Making the best of Macro-decision making

Making the best of Macro-decision making

Every day, we are bombarded with decisions ranging from macro decisions such as company direction and hiring to micro-decisions such as hourly assignments and conversations. Business executives who don’t categorize their choices can risk succumbing to sheer workload volume as the pace of change and work-life increases. Decision fatigue is all too common, yet it may be avoided in many cases.

Macro decisions affect people’s personal lives as well as their work lives. What we may not realize is that, if we let them, macro decisions have the ability to steer us in a trajectory that makes a lot of micro-decisions for us.

Micro decisions can have a cumulative effect: we may believe that the enormity of macro movements is paralyzing us, but it’s usually the dozens of new micros that freeze us in our tracks. If left unattended, they eat away at conscious efforts, manifesting as underlying stress and anxiety that can lead to a breakdown. This is one of the reasons we could have decision fatigue, a syndrome marked by never being able to decide what channel to watch on TV or constantly moving a small task to the next day’s to-do list.

The ship is supposed to be pointed by macro moves, which should have a cascading impact on their micro counterparts. To put it differently, if you’ve answered big-picture questions like “Where’s this business heading?” decisively, you’ve also dealt with the bulk of small-picture tasks. Macro decisions are like a North Star: anything that doesn’t line up shouldn’t be given much thought.
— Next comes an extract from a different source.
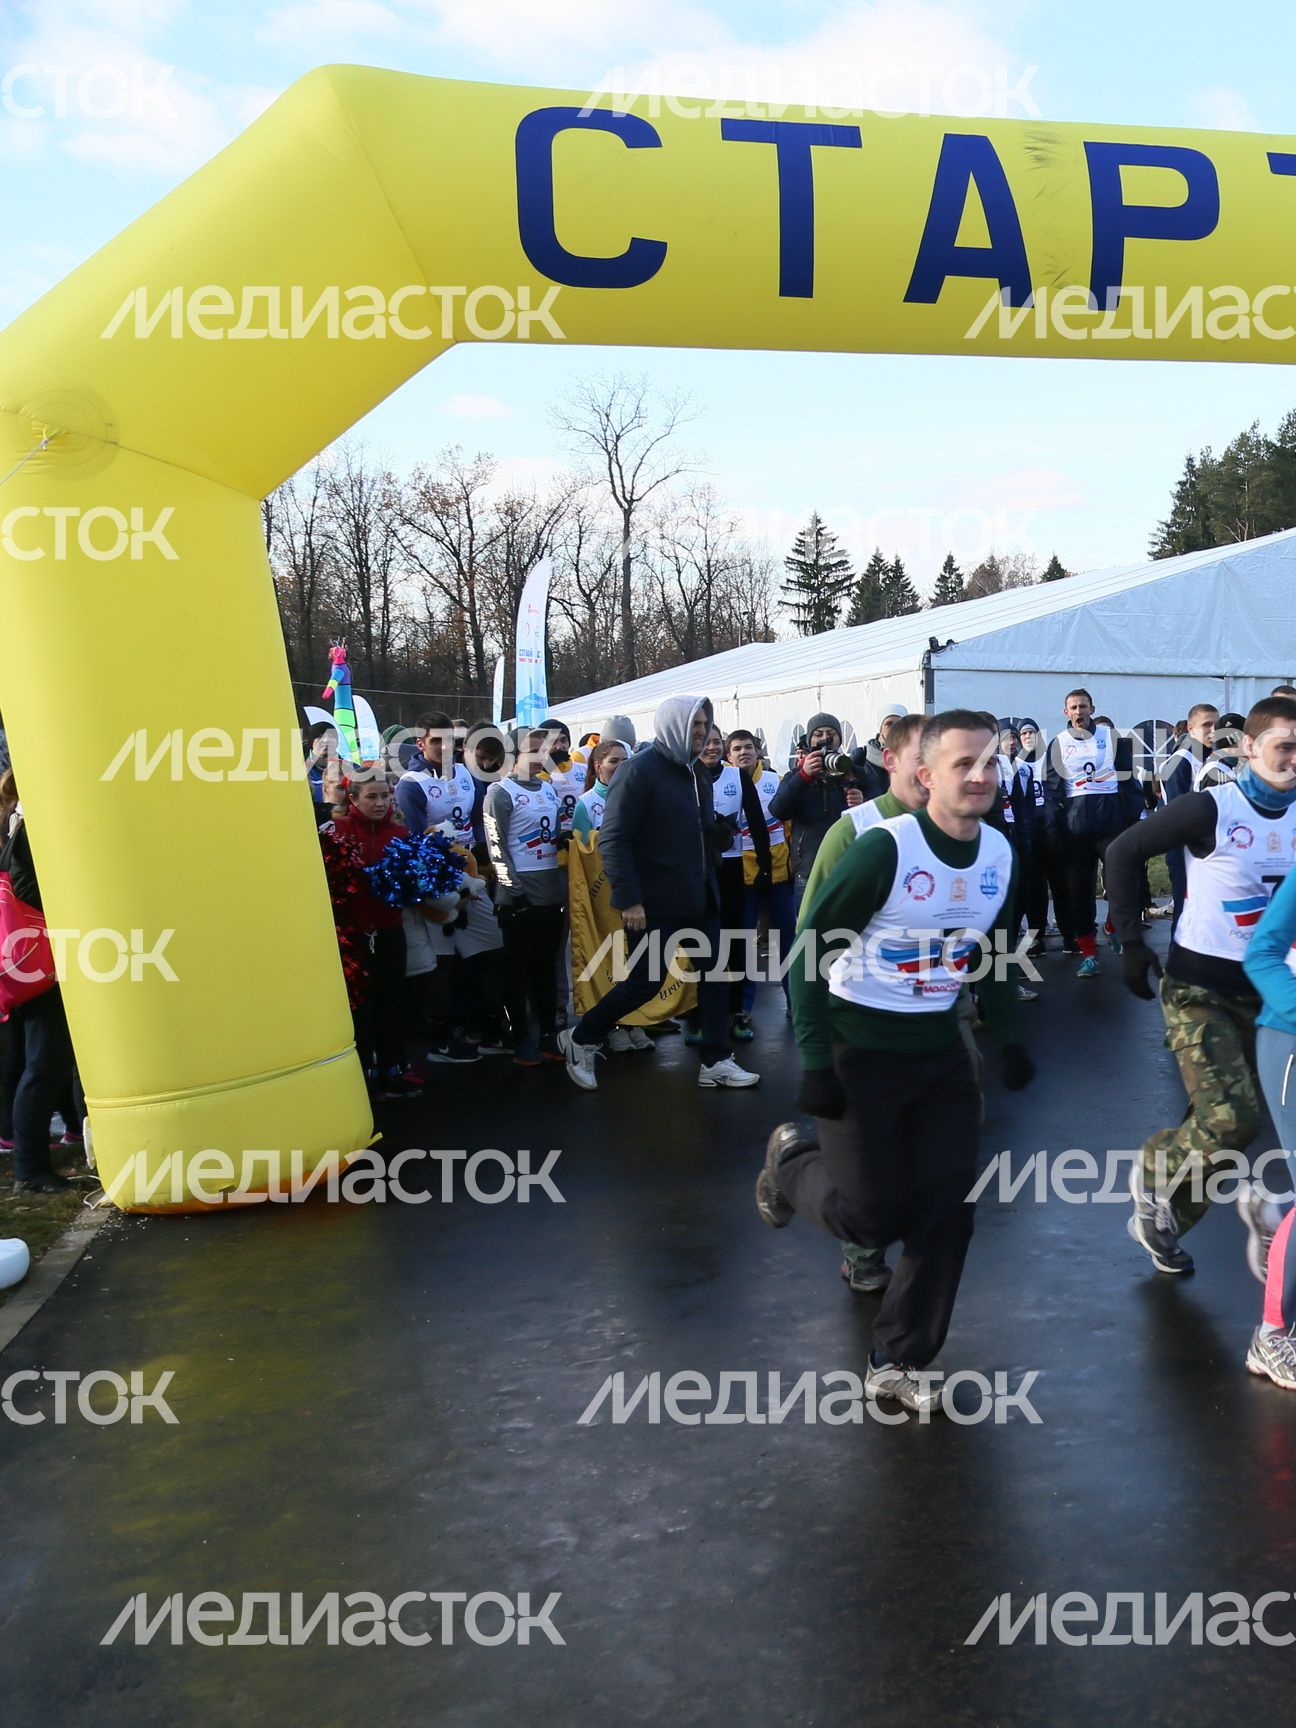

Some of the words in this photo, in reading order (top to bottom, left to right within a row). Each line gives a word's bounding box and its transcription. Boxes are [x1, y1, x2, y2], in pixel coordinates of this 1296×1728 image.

[452, 806, 464, 830] 8
[563, 794, 577, 819] 8
[540, 815, 551, 844] 8
Knowing your professional and personal goals typically entails establishing one-year, five-year, ten-year, and twenty-year plans when it comes to company goals and objectives. This places metaphorical barriers in the lane, separating you from all the tiny changes you won’t have to think about. Budgeting, new initiatives, marketing, hiring, and office location can assist you in achieving broadly stated goals, so you don’t need to decide the weight that needs to be given.
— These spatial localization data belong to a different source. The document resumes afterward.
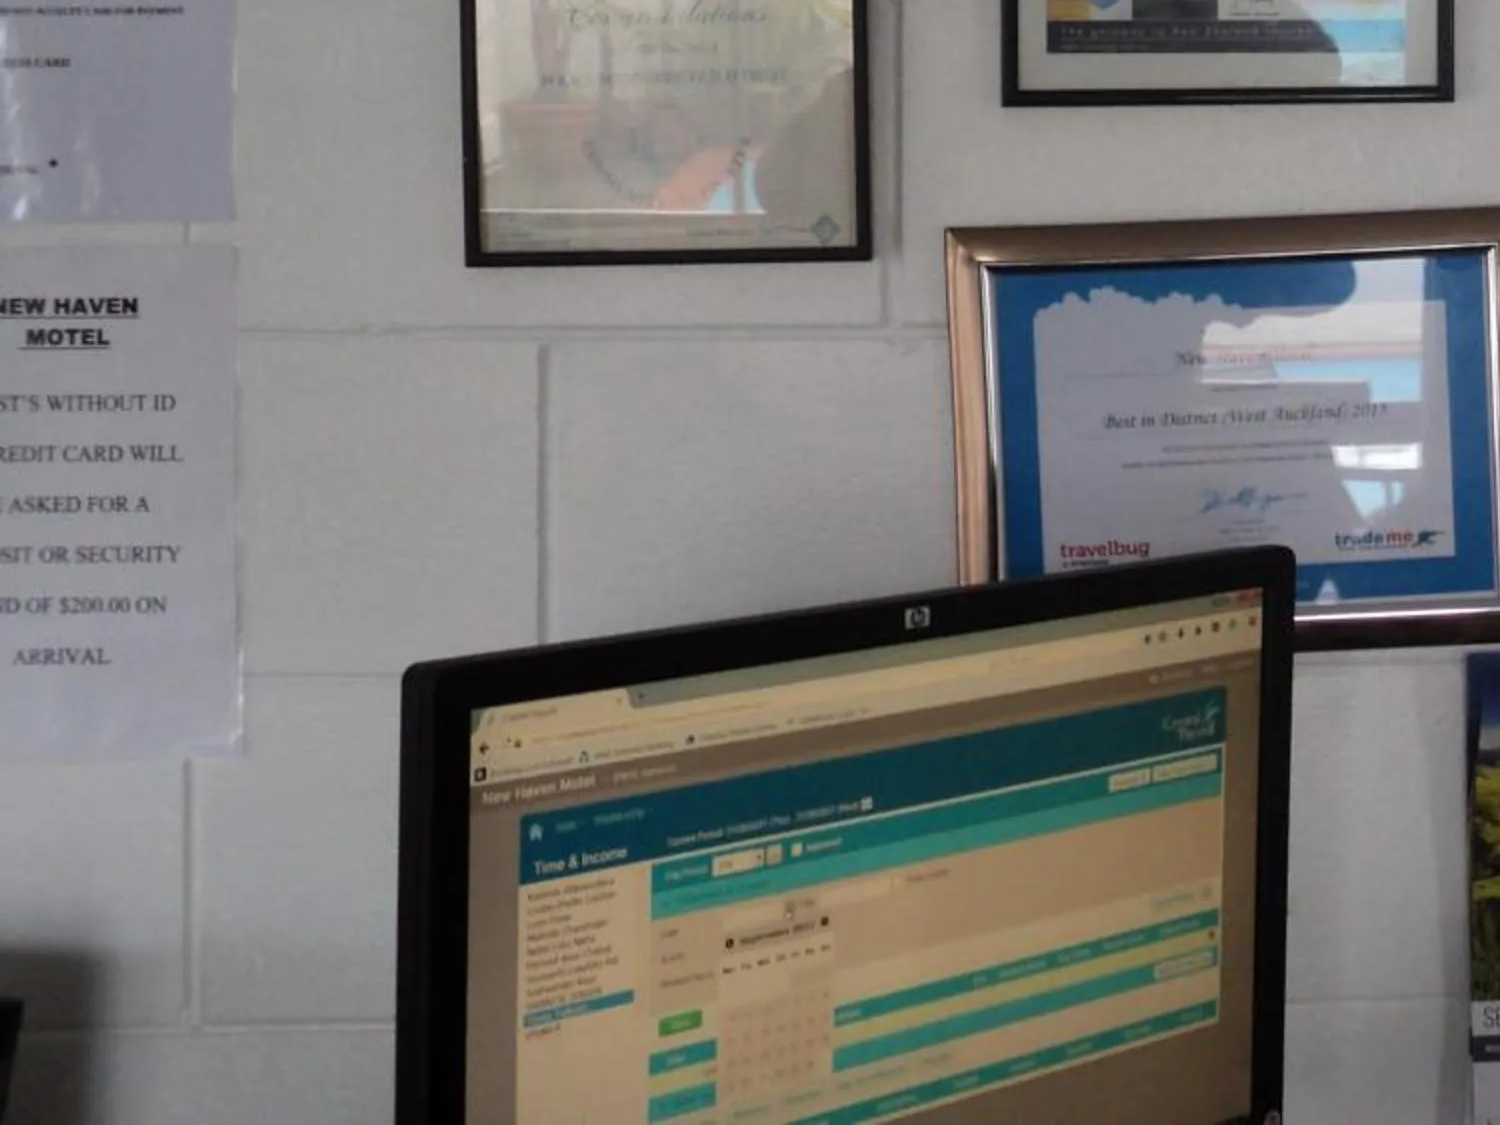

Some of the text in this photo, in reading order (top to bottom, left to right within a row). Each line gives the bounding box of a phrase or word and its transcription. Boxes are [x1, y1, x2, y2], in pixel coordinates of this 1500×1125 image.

[54, 298, 139, 315] HAVEN
[26, 328, 111, 346] MOTEL
[47, 394, 147, 412] WITHOUT
[154, 394, 177, 411] ID
[1104, 413, 1136, 430] Best
[1140, 412, 1156, 428] in
[1160, 408, 1219, 428] District
[62, 445, 124, 462] CARD
[130, 445, 184, 462] WILL
[9, 496, 151, 513] ASKED FOR A
[38, 546, 69, 563] OR
[76, 545, 181, 563] SECURITY
[1060, 538, 1150, 560] travelbug
[26, 597, 53, 614] OF
[59, 597, 131, 615] $200.00
[135, 597, 167, 614] ON
[13, 648, 111, 666] ARRIVAL
[482, 774, 596, 805] New Haven Motel
[533, 845, 628, 875] Time & Income
Most of us plan on a yearly and quarterly basis. But here’s the thing: there’s something you could try. Make two columns, one on the left and one on the right, and title them “Macro” and “Micro,” respectively. Make a list of all left-side decisions, both professional and personal, and make them in batches, as they will undoubtedly affect one another. List the micro-decisions that pertain to each macro decision, and you’ll find that many, if not all, were made for you as a result of the first step. This reduces the “gray space” of unplanned daily decisions. If we’ve learned anything about productivity, it’s that the more predictable patterns emerge, the faster people can complete tasks.

Separating large-scale and small-scale concerns is an important practice in honing your instincts. The more cardinal orientations you’ve determined for your life and business, the more naturally you’ll pilot your ship every day.